### Exercise instructions
Nothing but an exact reproduction of the records, pictures excluded, should be returned.

====

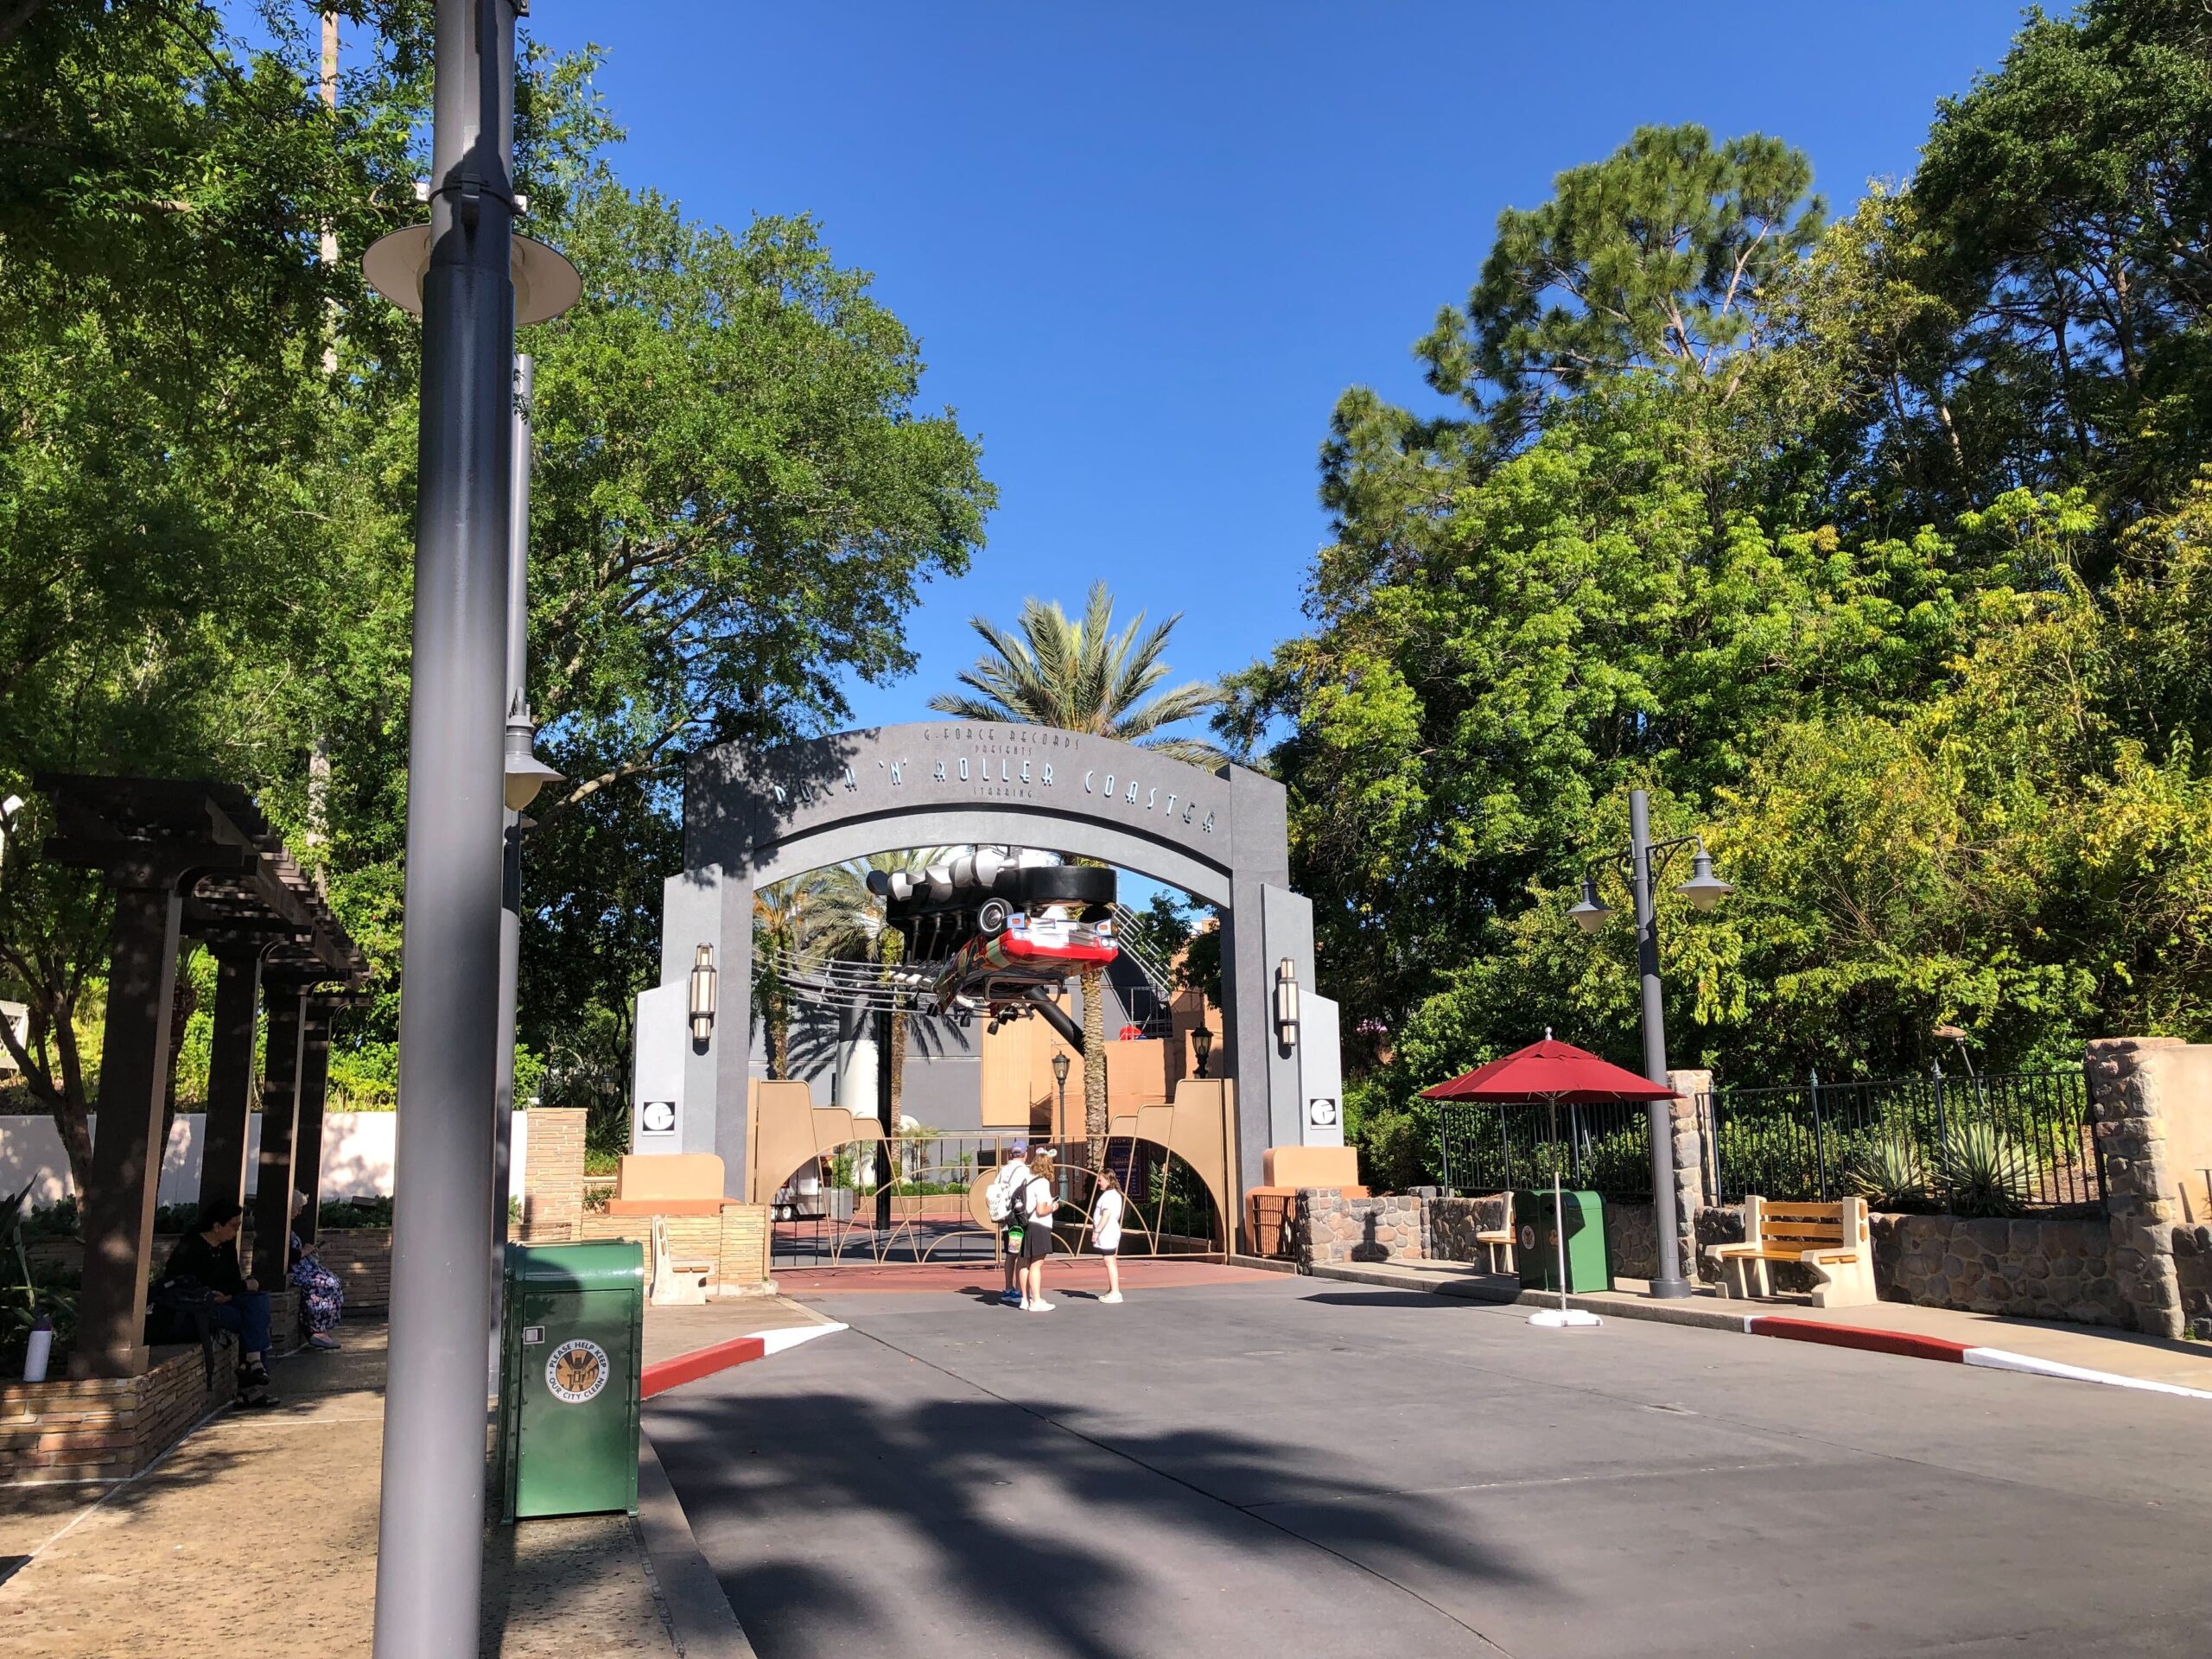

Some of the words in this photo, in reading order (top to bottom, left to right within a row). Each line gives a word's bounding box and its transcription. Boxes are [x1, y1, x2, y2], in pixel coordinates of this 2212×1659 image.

[925, 728, 994, 741] G-FORCE
[1010, 730, 1079, 749] RECORDS
[975, 745, 1032, 755] PRESENTS
[774, 766, 858, 807] ROCK
[934, 757, 1053, 786] ROLLER
[1084, 770, 1216, 832] COASTER
[973, 787, 1032, 798] STARRING
[549, 1343, 572, 1369] PLEASE
[575, 1341, 594, 1350] HELP
[594, 1350, 607, 1368] KEEP
[549, 1377, 562, 1394] OUR
[583, 1377, 605, 1397] CLEAN

====

### Exercise solution
Some of the words in this photo, in reading order (top to bottom, left to right within a row). Each line gives a word's bounding box and its transcription. Boxes are [x1, y1, x2, y2], in pixel coordinates of this 2212×1659 image.

[925, 728, 994, 741] G-FORCE
[1010, 730, 1079, 749] RECORDS
[975, 745, 1032, 755] PRESENTS
[774, 766, 858, 807] ROCK
[934, 757, 1053, 786] ROLLER
[1084, 770, 1216, 832] COASTER
[973, 787, 1032, 798] STARRING
[549, 1343, 572, 1369] PLEASE
[575, 1341, 594, 1350] HELP
[594, 1350, 607, 1368] KEEP
[549, 1377, 562, 1394] OUR
[583, 1377, 605, 1397] CLEAN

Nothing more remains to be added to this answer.